The non-ergodic nature of financial markets is a fundamental concept to grasp, signifying that the patterns and outcomes witnessed over time do not consistently mirror the conditions and results observed at any specific point. This divergence results from the evolving mix and behaviours of market participants. Unlike ergodic systems, which presuppose uniformity in market conditions and participant actions, the actual market landscape is in constant flux, with participants entering and exiting, thereby altering market dynamics and introducing both challenges and opportunities.

Against this backdrop, the relevance of time-based averaging becomes apparent. The market encompasses a broader array and diversity of participants over time than is apparent at any single instance. An ‘absorbing barrier,’ such as a significant loss compelling a participant’s exit from the market, can preclude future participation, thus impacting the market’s long-term structure and dynamics. This underscores the necessity of adapting to shifting regimes and managing the risks tied to a mutable market landscape.

Trend Followers exemplify the ethos of valuing longevity. Their foremost aim is to maintain an active market presence, which positions them to leverage forthcoming opportunities and harness the power of compounded returns over time. Their strategy is intrinsically oriented towards the long-term, adopting a ‘barbell’ tactic that meticulously mitigates risk on one end to avert devastating losses, while on the other end, aiming to seize significant profits from clear market movements.

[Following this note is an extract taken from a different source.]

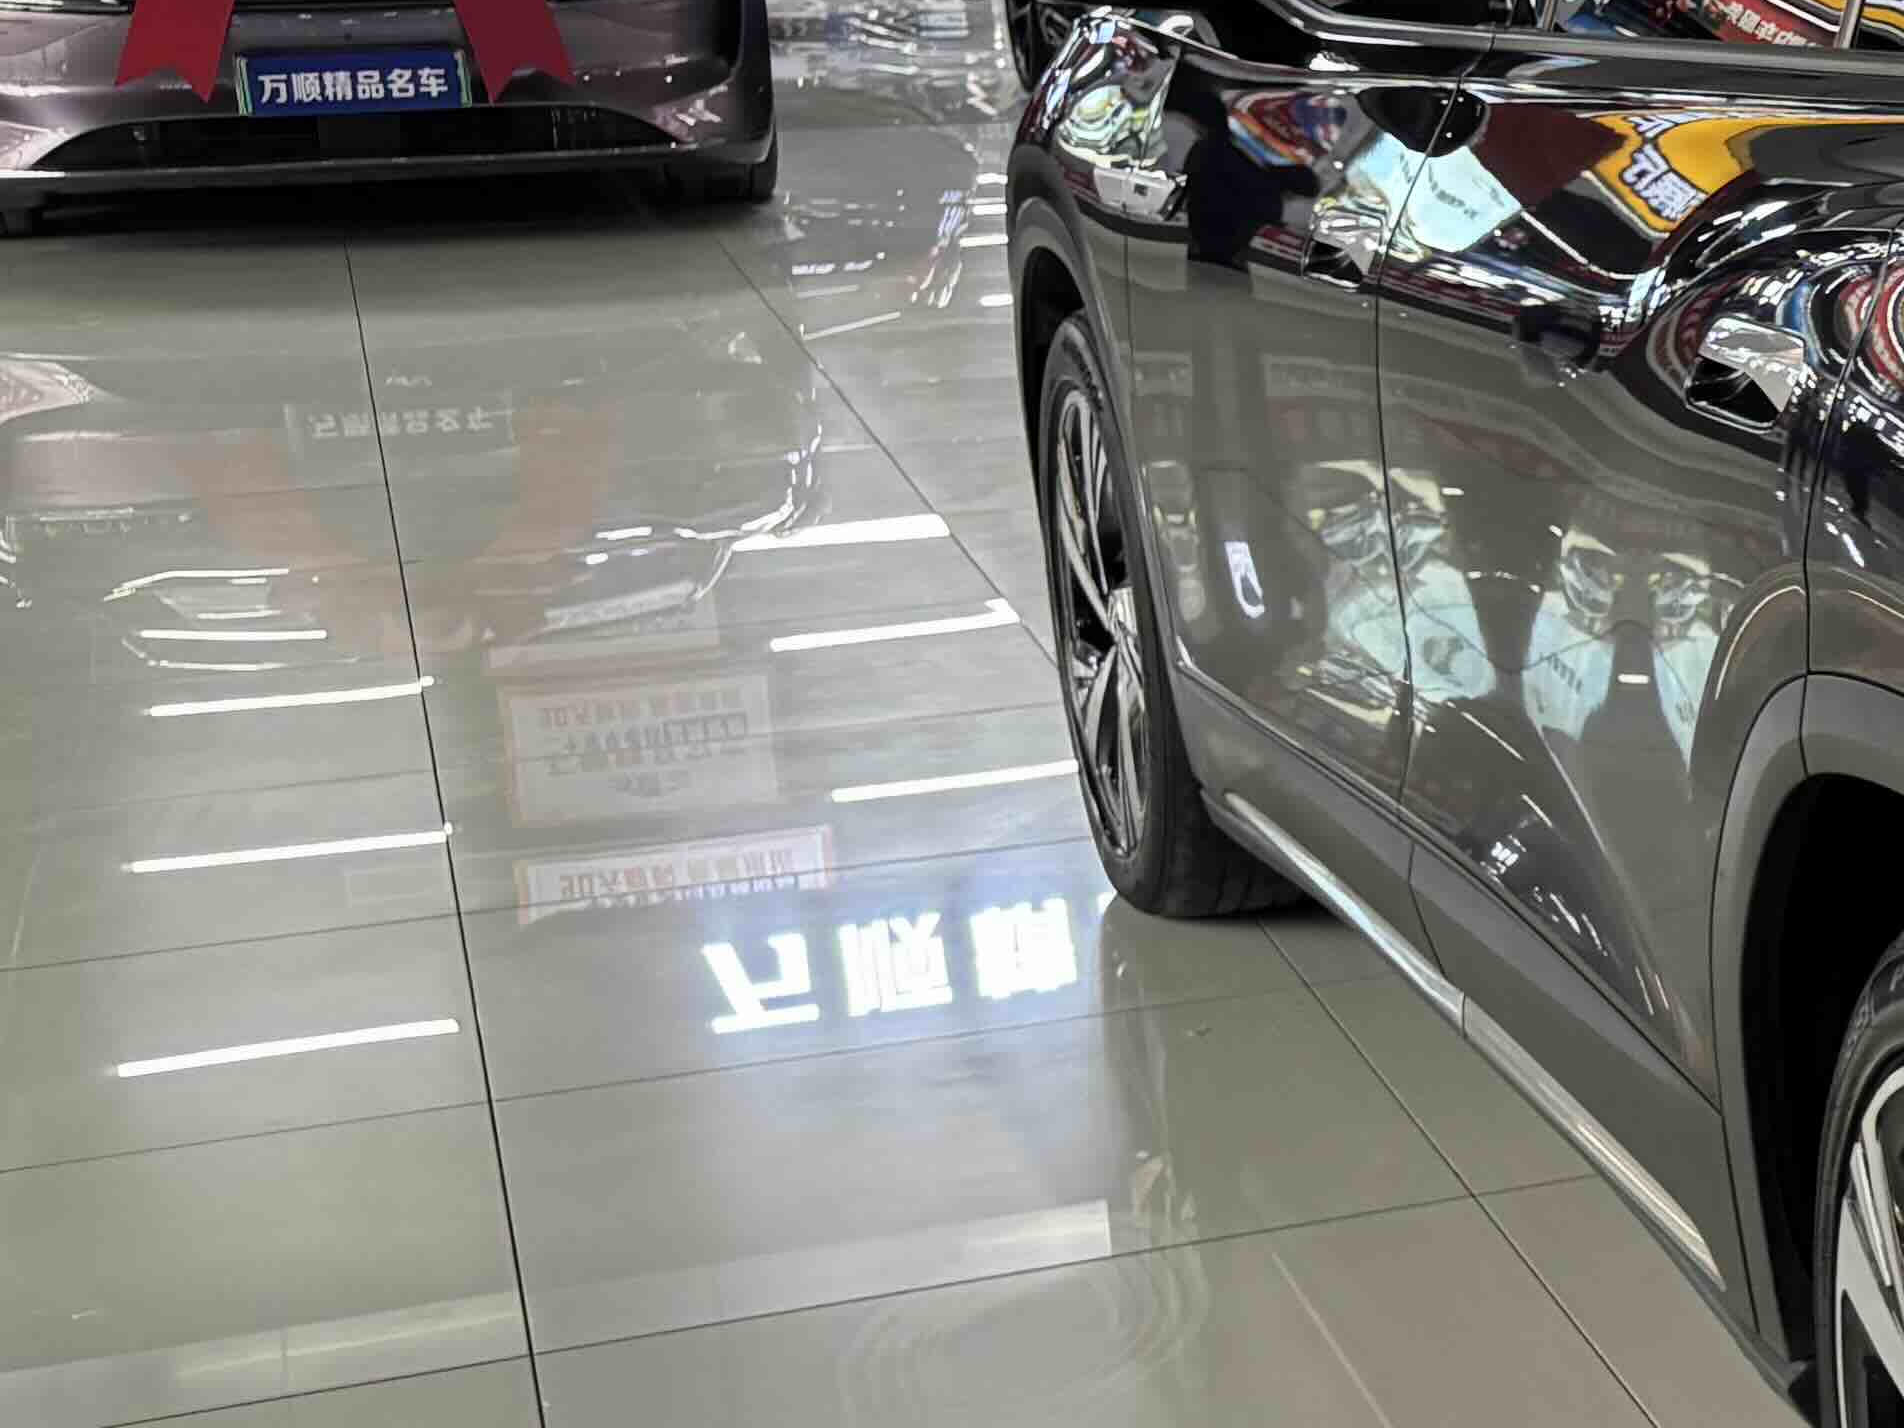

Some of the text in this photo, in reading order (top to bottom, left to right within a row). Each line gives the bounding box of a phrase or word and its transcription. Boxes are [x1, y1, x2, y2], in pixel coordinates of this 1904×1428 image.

This equilibrium enables Trend Followers to traverse a spectrum of market conditions, safeguarding their ongoing engagement and the prospect of achieving returns that exceed the average over time.

In summary, financial markets defy the ergodic hypothesis, where the aggregate long-term outcomes would reflect the individual experience of an investor or Fund Manager. Instead, markets are defined by their conditional probabilities and the influence of extreme, or ‘fat-tailed,’ events that can markedly alter outcomes from the average, leading to trajectories that significantly diverge from the anticipated average return.